## TASK REQUIREMENTS
Every record below should be printed exactly as it appears.

## RECORDS SUPPLIED
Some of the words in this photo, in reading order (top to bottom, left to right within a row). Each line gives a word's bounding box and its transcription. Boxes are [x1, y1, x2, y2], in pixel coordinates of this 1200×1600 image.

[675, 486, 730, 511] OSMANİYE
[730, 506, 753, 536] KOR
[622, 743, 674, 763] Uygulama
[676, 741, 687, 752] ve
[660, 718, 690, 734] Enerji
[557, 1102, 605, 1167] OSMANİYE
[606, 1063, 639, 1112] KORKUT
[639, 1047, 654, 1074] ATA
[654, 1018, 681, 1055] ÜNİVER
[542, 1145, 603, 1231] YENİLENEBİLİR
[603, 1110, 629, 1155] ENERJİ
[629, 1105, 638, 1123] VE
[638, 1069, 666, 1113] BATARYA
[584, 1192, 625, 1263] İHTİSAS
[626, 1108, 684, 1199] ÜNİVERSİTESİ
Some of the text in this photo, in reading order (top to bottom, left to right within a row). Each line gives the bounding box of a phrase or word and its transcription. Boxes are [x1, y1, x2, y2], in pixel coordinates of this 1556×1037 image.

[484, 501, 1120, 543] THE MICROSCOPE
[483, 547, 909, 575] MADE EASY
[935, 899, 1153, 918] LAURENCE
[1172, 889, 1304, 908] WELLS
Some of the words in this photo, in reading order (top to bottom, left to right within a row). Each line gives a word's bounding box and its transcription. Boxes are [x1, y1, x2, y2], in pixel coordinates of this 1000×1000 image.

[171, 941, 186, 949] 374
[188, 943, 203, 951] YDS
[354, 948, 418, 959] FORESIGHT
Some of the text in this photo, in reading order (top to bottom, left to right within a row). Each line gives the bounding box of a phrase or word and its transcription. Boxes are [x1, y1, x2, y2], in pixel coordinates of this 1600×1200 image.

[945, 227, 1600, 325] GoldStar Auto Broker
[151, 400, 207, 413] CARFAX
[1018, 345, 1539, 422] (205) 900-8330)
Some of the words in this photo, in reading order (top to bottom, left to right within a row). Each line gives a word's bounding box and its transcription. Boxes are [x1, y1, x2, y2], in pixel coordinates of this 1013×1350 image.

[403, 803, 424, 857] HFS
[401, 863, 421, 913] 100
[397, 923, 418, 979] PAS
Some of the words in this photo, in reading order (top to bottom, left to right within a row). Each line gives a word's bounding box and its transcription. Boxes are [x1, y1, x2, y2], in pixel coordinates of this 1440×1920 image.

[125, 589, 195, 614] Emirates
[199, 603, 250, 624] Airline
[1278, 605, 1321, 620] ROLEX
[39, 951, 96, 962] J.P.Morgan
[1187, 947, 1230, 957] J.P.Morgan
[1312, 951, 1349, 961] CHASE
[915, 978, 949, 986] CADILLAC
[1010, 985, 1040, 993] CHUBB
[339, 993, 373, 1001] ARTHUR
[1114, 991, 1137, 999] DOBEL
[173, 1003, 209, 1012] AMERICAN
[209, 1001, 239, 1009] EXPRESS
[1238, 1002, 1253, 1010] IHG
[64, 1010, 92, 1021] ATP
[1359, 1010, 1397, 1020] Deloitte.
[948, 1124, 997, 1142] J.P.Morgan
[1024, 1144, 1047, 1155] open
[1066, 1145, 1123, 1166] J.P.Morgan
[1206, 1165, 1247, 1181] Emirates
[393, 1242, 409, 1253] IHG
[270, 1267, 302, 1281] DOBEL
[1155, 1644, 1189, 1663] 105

## OUTPUT
Some of the words in this photo, in reading order (top to bottom, left to right within a row). Each line gives a word's bounding box and its transcription. Boxes are [x1, y1, x2, y2], in pixel coordinates of this 1200×1600 image.

[675, 486, 730, 511] OSMANİYE
[730, 506, 753, 536] KOR
[622, 743, 674, 763] Uygulama
[676, 741, 687, 752] ve
[660, 718, 690, 734] Enerji
[557, 1102, 605, 1167] OSMANİYE
[606, 1063, 639, 1112] KORKUT
[639, 1047, 654, 1074] ATA
[654, 1018, 681, 1055] ÜNİVER
[542, 1145, 603, 1231] YENİLENEBİLİR
[603, 1110, 629, 1155] ENERJİ
[629, 1105, 638, 1123] VE
[638, 1069, 666, 1113] BATARYA
[584, 1192, 625, 1263] İHTİSAS
[626, 1108, 684, 1199] ÜNİVERSİTESİ
Some of the text in this photo, in reading order (top to bottom, left to right within a row). Each line gives the bounding box of a phrase or word and its transcription. Boxes are [x1, y1, x2, y2], in pixel coordinates of this 1556×1037 image.

[484, 501, 1120, 543] THE MICROSCOPE
[483, 547, 909, 575] MADE EASY
[935, 899, 1153, 918] LAURENCE
[1172, 889, 1304, 908] WELLS
Some of the words in this photo, in reading order (top to bottom, left to right within a row). Each line gives a word's bounding box and its transcription. Boxes are [x1, y1, x2, y2], in pixel coordinates of this 1000×1000 image.

[171, 941, 186, 949] 374
[188, 943, 203, 951] YDS
[354, 948, 418, 959] FORESIGHT
Some of the text in this photo, in reading order (top to bottom, left to right within a row). Each line gives the bounding box of a phrase or word and its transcription. Boxes are [x1, y1, x2, y2], in pixel coordinates of this 1600×1200 image.

[945, 227, 1600, 325] GoldStar Auto Broker
[151, 400, 207, 413] CARFAX
[1018, 345, 1539, 422] (205) 900-8330)
Some of the words in this photo, in reading order (top to bottom, left to right within a row). Each line gives a word's bounding box and its transcription. Boxes are [x1, y1, x2, y2], in pixel coordinates of this 1013×1350 image.

[403, 803, 424, 857] HFS
[401, 863, 421, 913] 100
[397, 923, 418, 979] PAS
Some of the words in this photo, in reading order (top to bottom, left to right within a row). Each line gives a word's bounding box and its transcription. Boxes are [x1, y1, x2, y2], in pixel coordinates of this 1440×1920 image.

[125, 589, 195, 614] Emirates
[199, 603, 250, 624] Airline
[1278, 605, 1321, 620] ROLEX
[39, 951, 96, 962] J.P.Morgan
[1187, 947, 1230, 957] J.P.Morgan
[1312, 951, 1349, 961] CHASE
[915, 978, 949, 986] CADILLAC
[1010, 985, 1040, 993] CHUBB
[339, 993, 373, 1001] ARTHUR
[1114, 991, 1137, 999] DOBEL
[173, 1003, 209, 1012] AMERICAN
[209, 1001, 239, 1009] EXPRESS
[1238, 1002, 1253, 1010] IHG
[64, 1010, 92, 1021] ATP
[1359, 1010, 1397, 1020] Deloitte.
[948, 1124, 997, 1142] J.P.Morgan
[1024, 1144, 1047, 1155] open
[1066, 1145, 1123, 1166] J.P.Morgan
[1206, 1165, 1247, 1181] Emirates
[393, 1242, 409, 1253] IHG
[270, 1267, 302, 1281] DOBEL
[1155, 1644, 1189, 1663] 105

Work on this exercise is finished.